(Required work)
In the data below, restate exactly the lines from the one with "Some of the words" to the final line, both included, but not the pictures.
━━━━━ Information ━━━━━
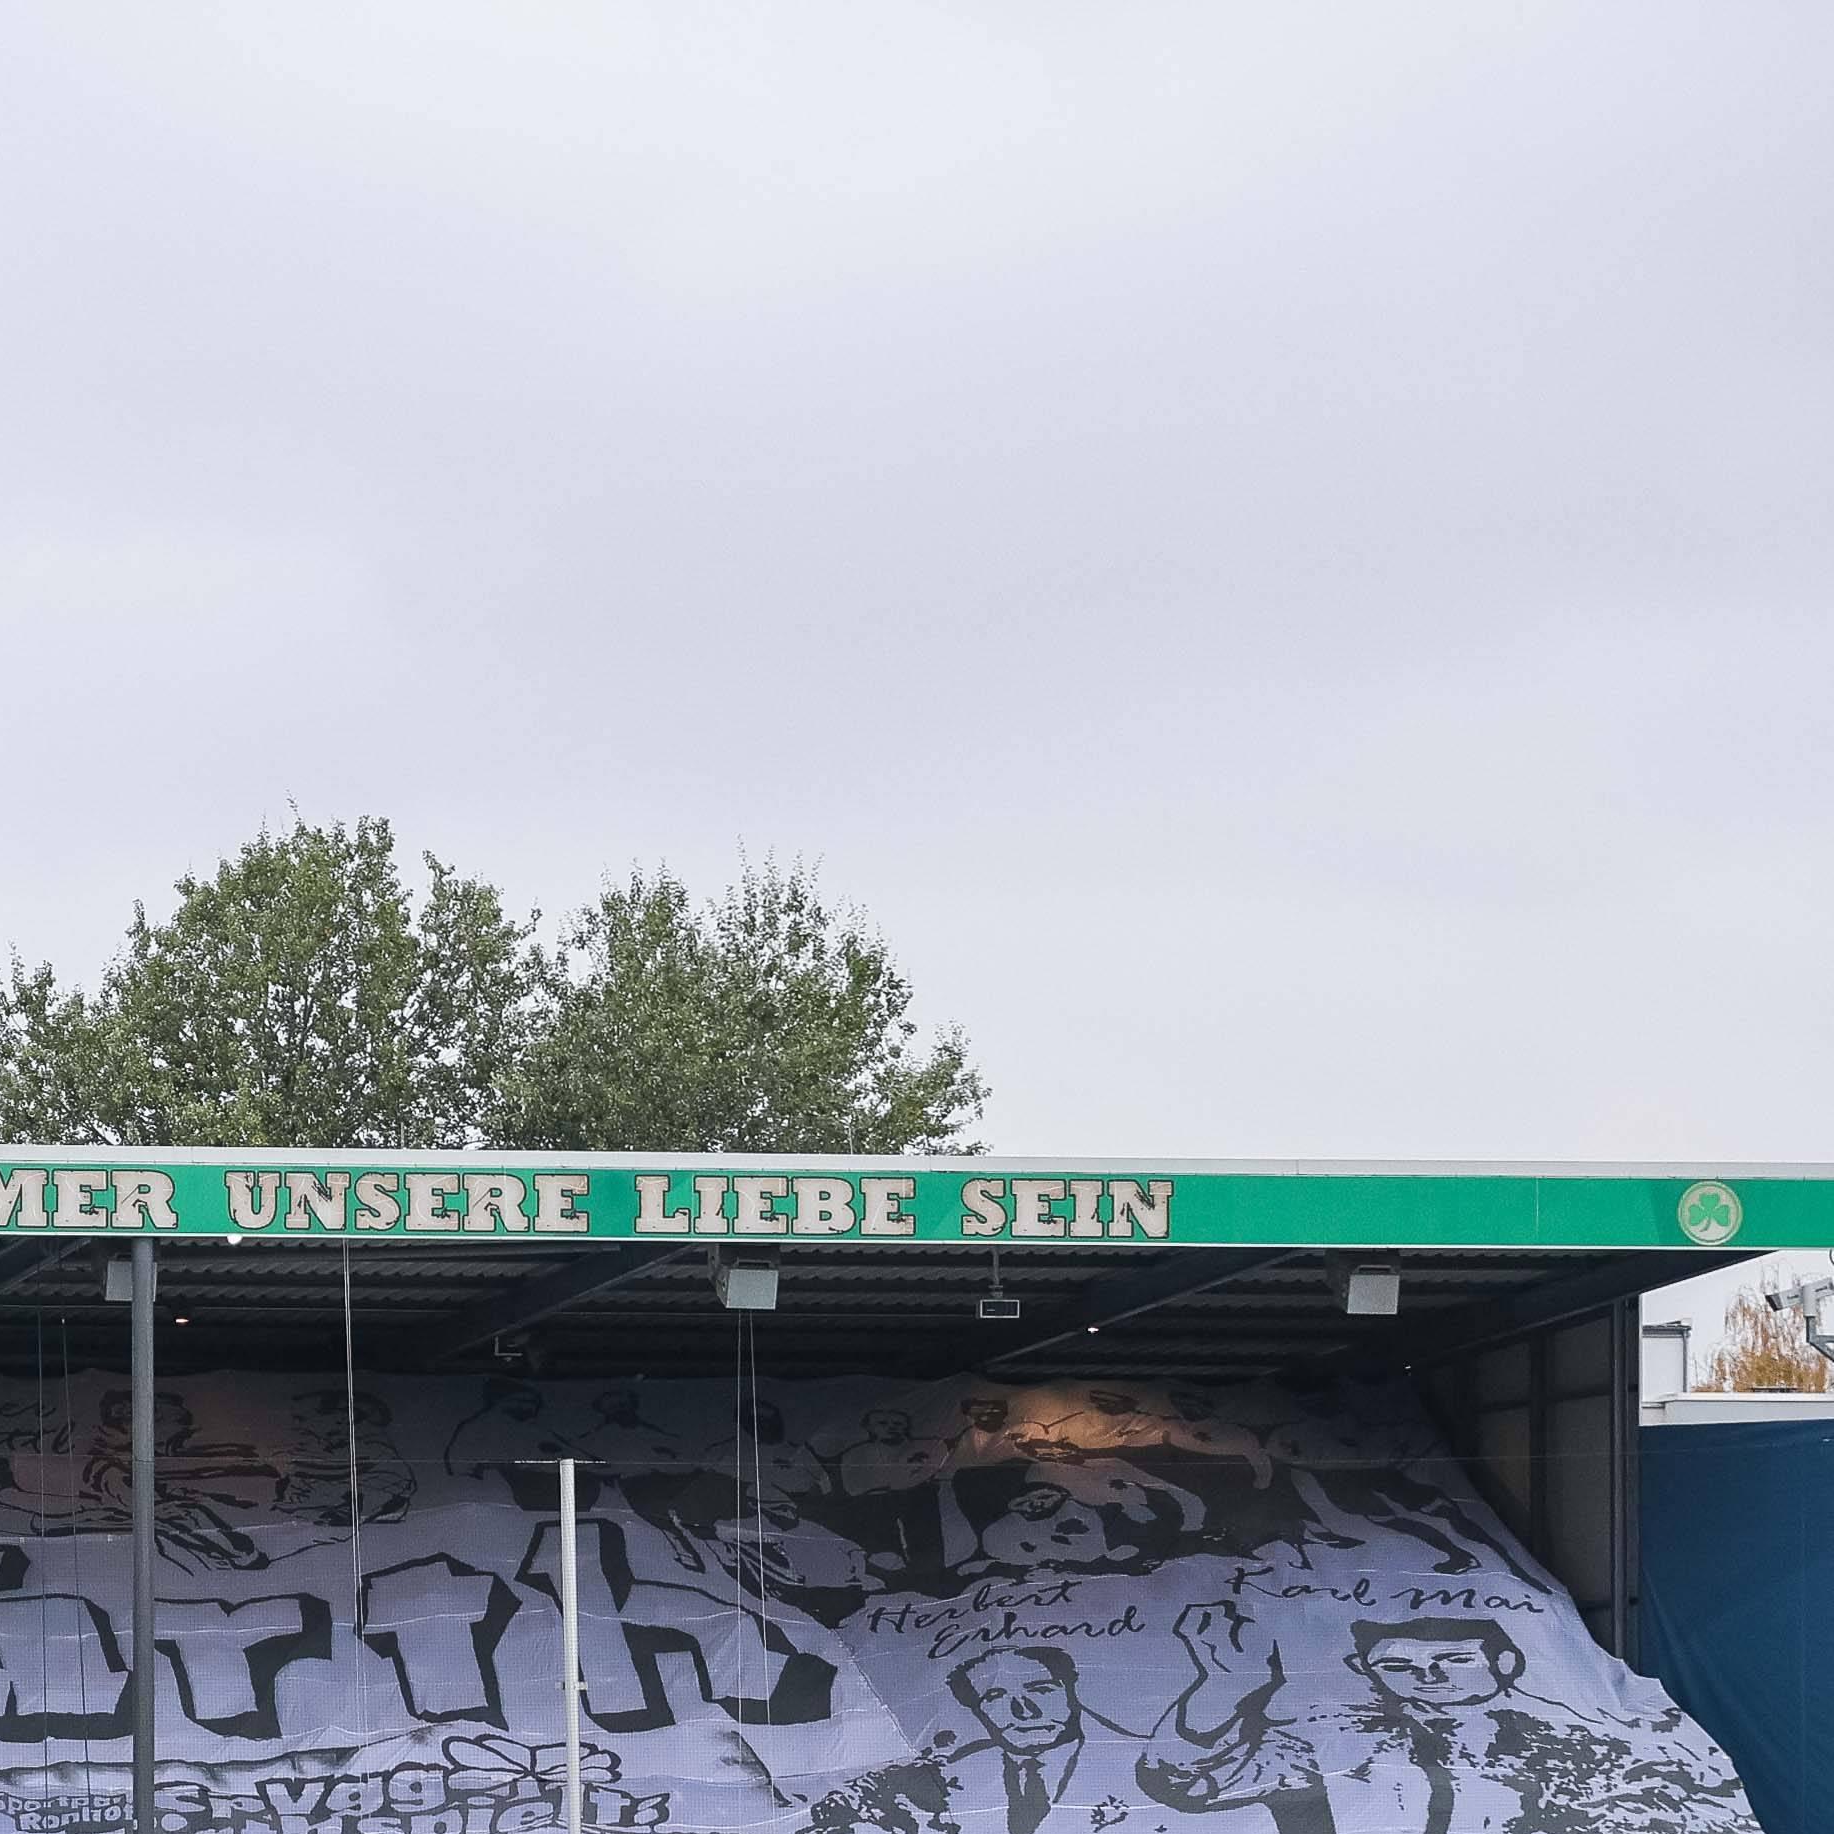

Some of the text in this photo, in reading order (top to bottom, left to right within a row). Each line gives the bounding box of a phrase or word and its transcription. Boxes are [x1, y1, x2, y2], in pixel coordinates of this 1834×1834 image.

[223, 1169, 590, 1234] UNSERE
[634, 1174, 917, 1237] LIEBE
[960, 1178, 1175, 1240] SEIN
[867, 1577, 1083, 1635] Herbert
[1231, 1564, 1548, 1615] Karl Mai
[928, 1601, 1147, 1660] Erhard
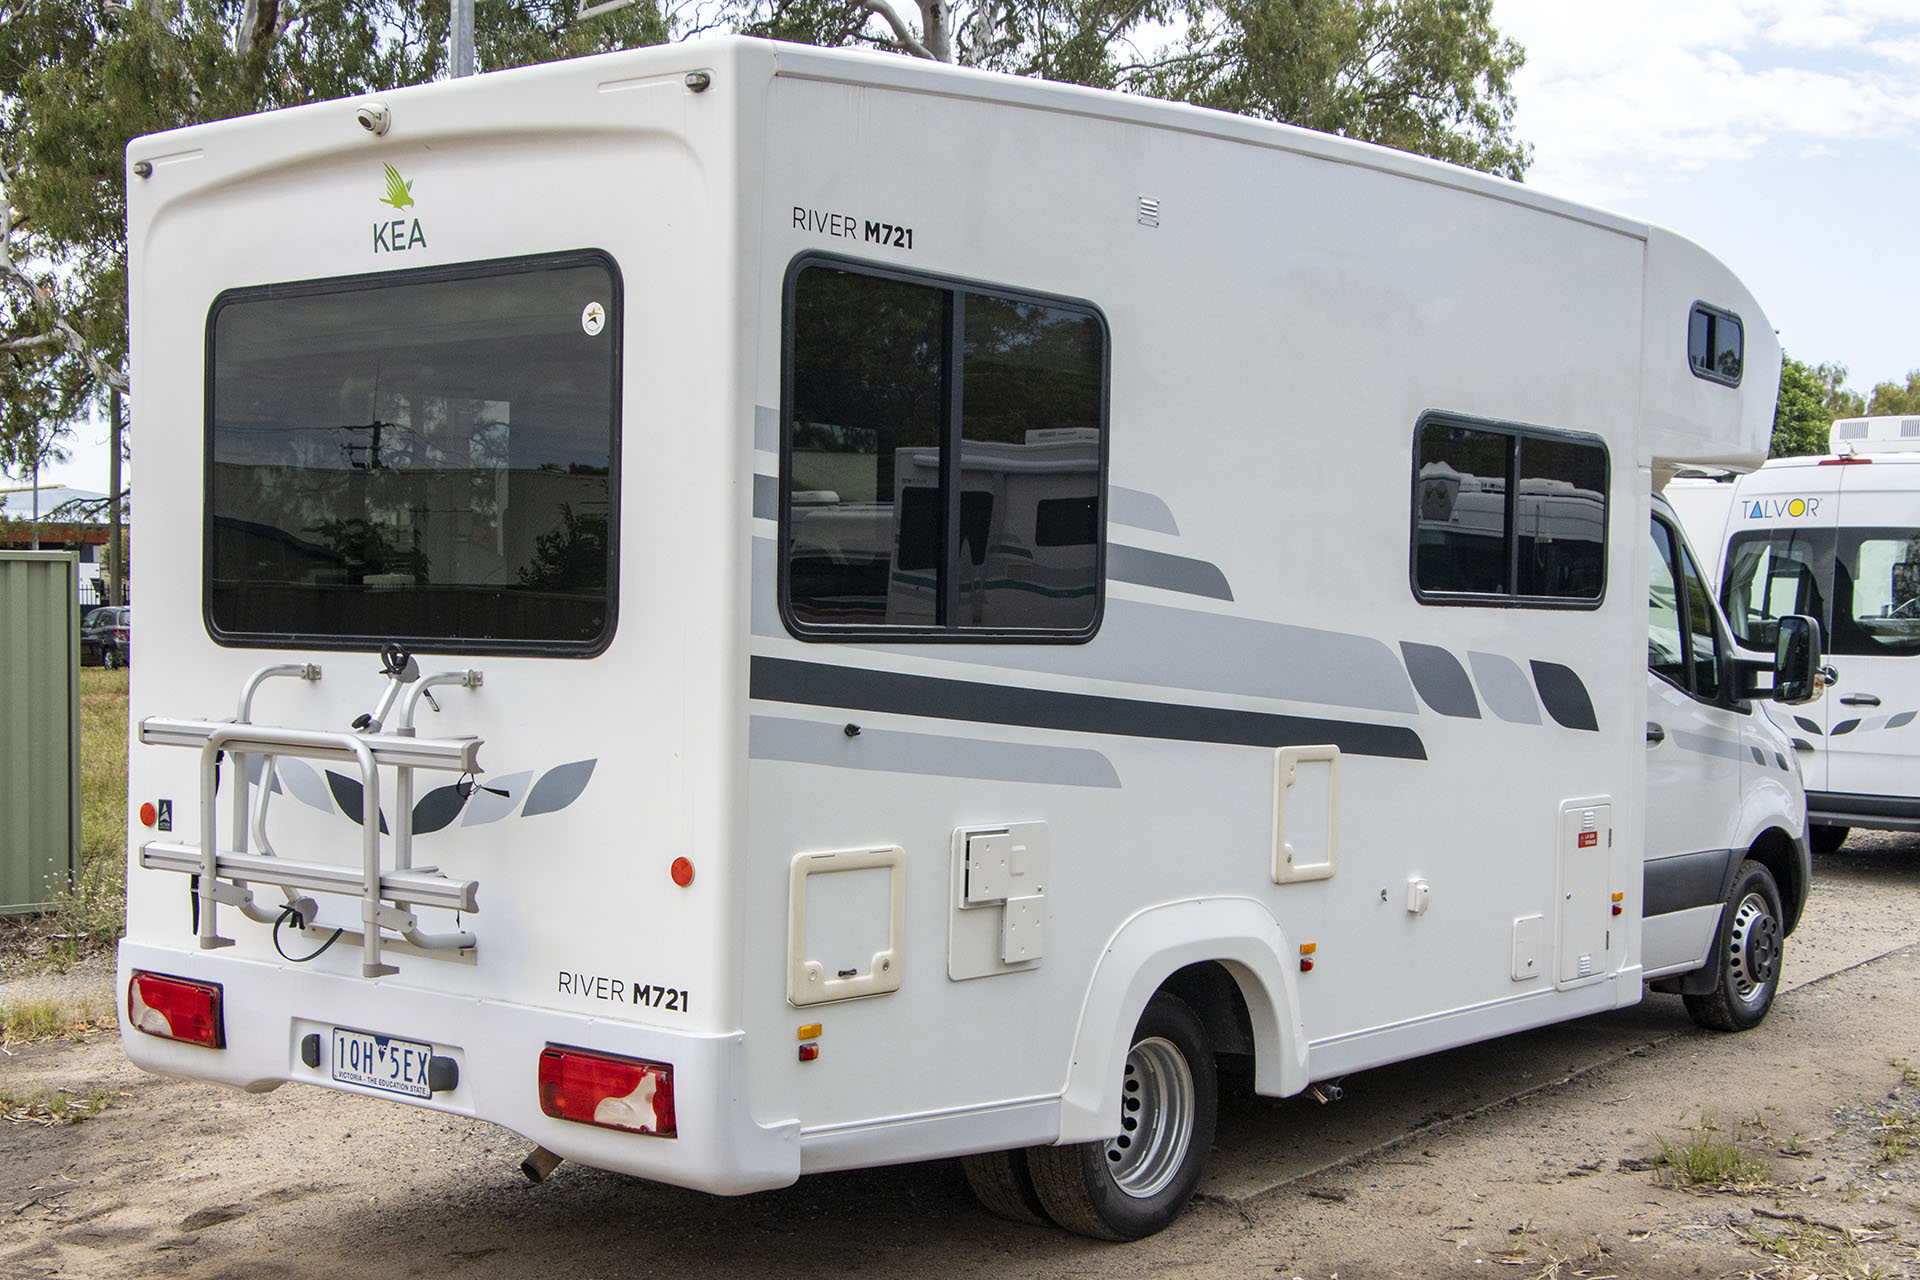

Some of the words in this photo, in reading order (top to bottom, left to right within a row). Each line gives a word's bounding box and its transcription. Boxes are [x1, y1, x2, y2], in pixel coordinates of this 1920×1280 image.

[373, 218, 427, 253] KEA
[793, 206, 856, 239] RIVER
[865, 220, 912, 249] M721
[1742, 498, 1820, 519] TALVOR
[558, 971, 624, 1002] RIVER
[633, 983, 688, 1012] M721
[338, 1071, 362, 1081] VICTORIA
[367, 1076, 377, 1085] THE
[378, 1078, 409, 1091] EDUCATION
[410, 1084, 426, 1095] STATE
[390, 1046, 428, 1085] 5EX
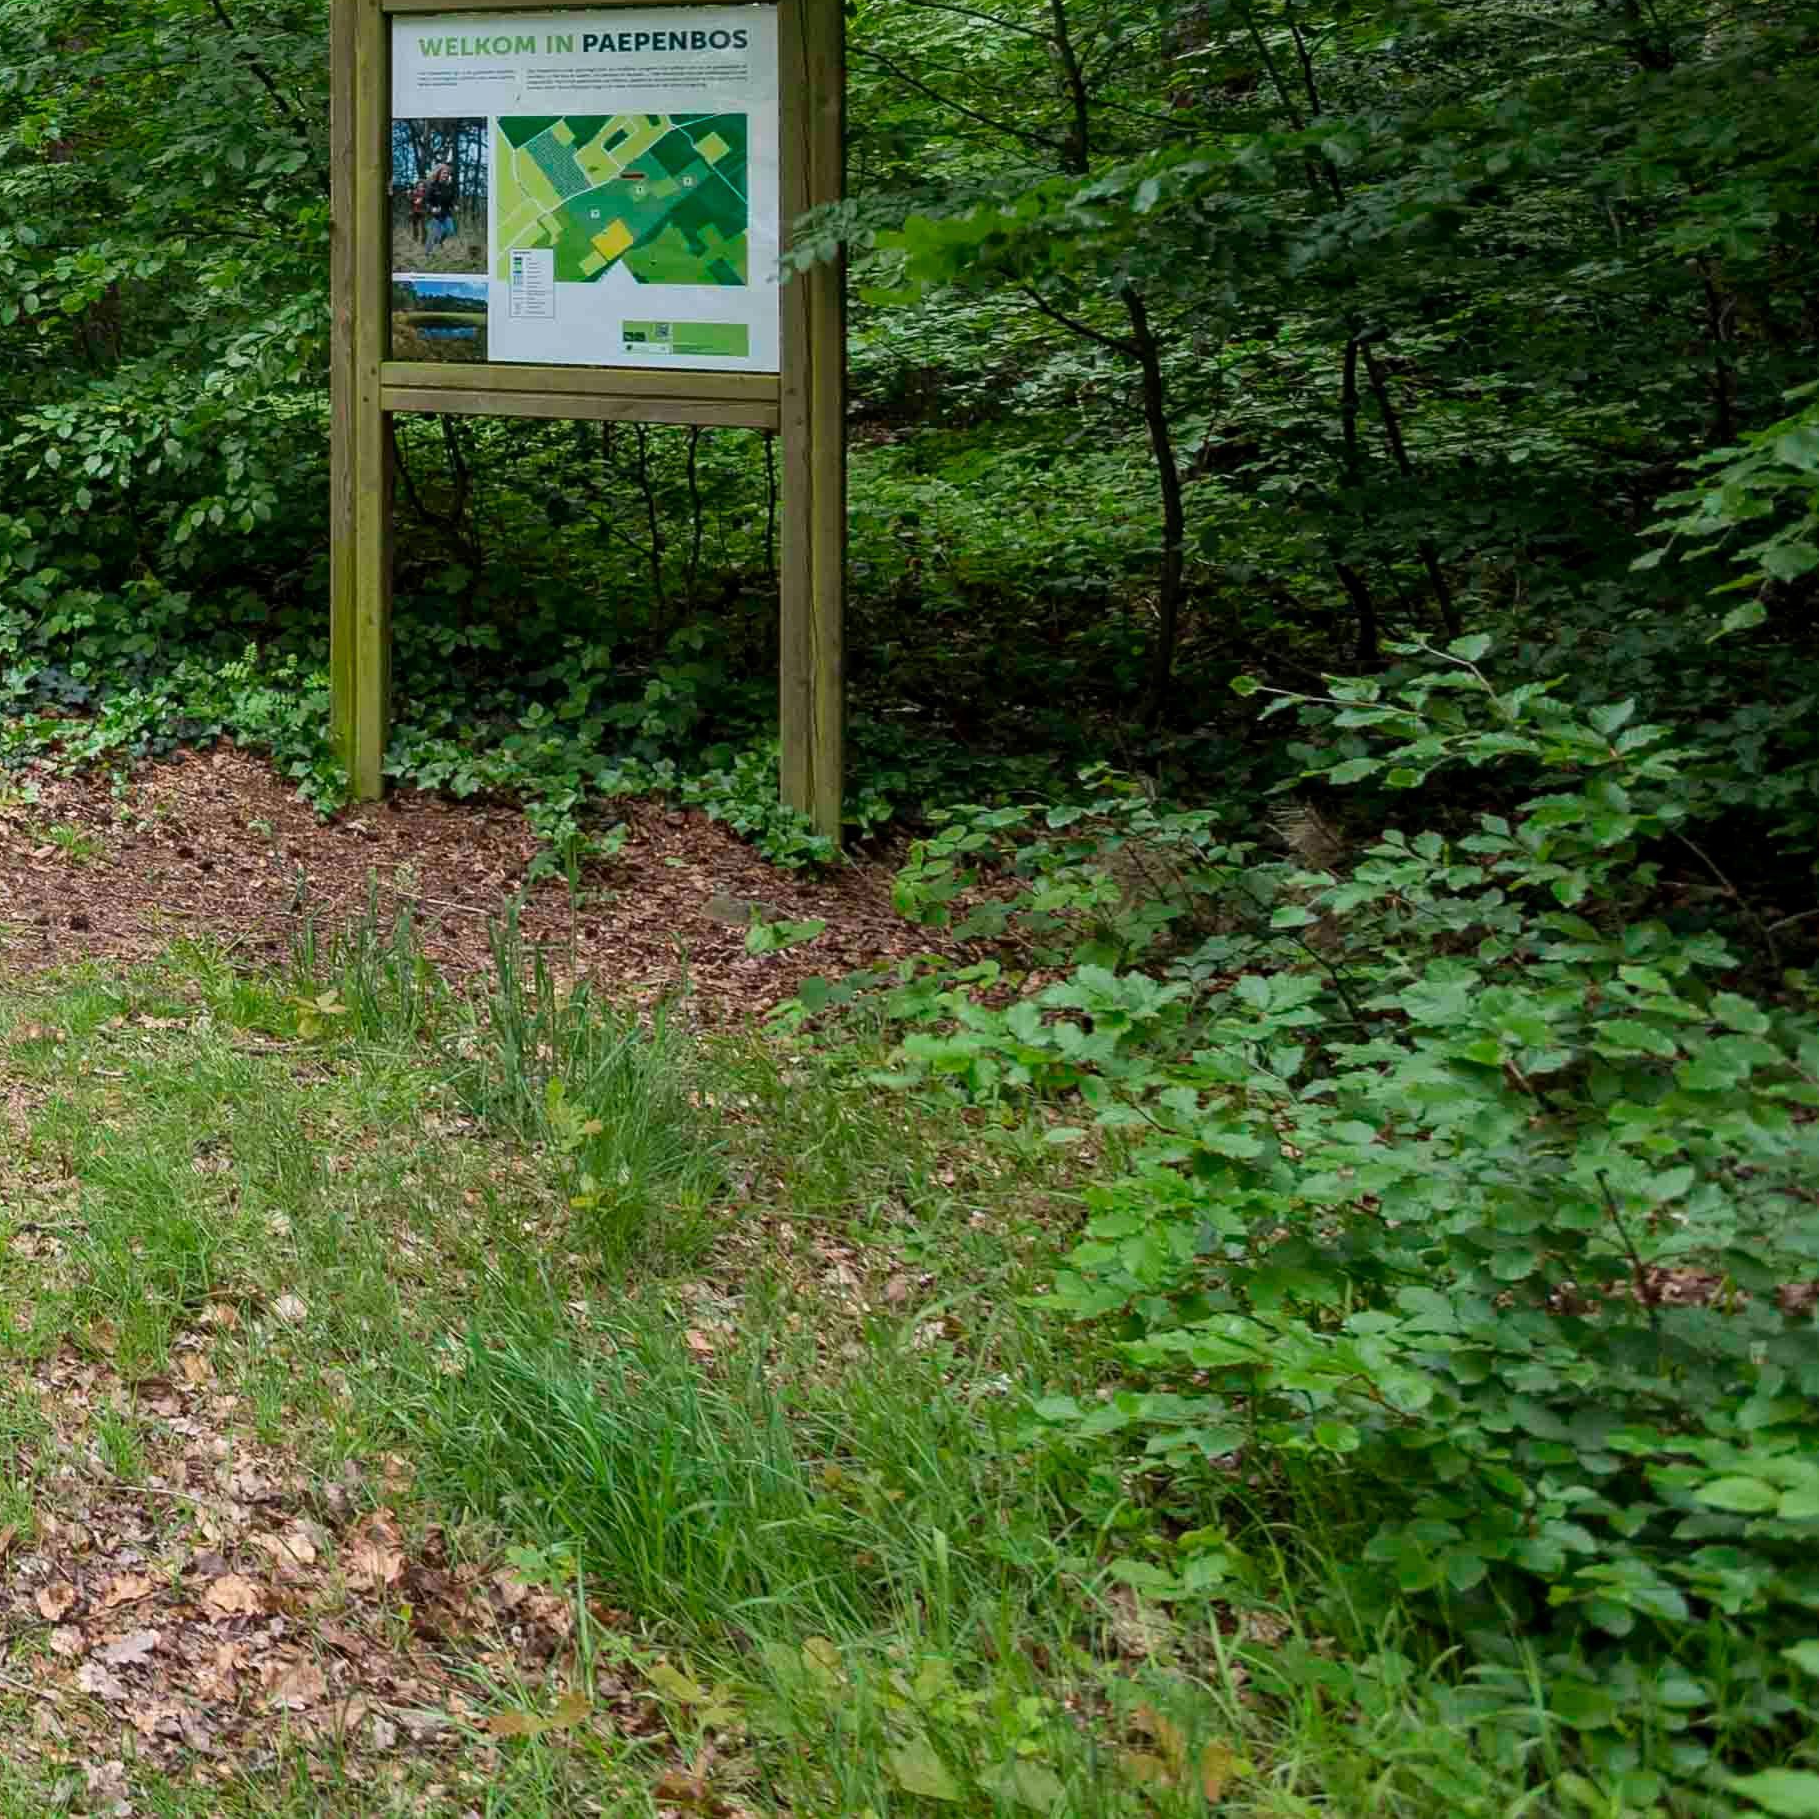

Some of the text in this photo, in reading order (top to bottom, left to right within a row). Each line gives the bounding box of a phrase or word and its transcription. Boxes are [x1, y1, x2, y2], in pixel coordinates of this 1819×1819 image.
━━━━━
(Result of the task)
Some of the words in this photo, in reading order (top to bottom, left to right within a row). Each line gives a word's bounding box and its transcription. Boxes are [x1, y1, x2, y2], in pixel coordinates of this 1920×1280 image.

[373, 218, 427, 253] KEA
[793, 206, 856, 239] RIVER
[865, 220, 912, 249] M721
[1742, 498, 1820, 519] TALVOR
[558, 971, 624, 1002] RIVER
[633, 983, 688, 1012] M721
[338, 1071, 362, 1081] VICTORIA
[367, 1076, 377, 1085] THE
[378, 1078, 409, 1091] EDUCATION
[410, 1084, 426, 1095] STATE
[390, 1046, 428, 1085] 5EX

Some of the text in this photo, in reading order (top to bottom, left to right within a row). Each line gives the bounding box of a phrase or word and its transcription. Boxes are [x1, y1, x2, y2], in pixel coordinates of this 1819×1819 image.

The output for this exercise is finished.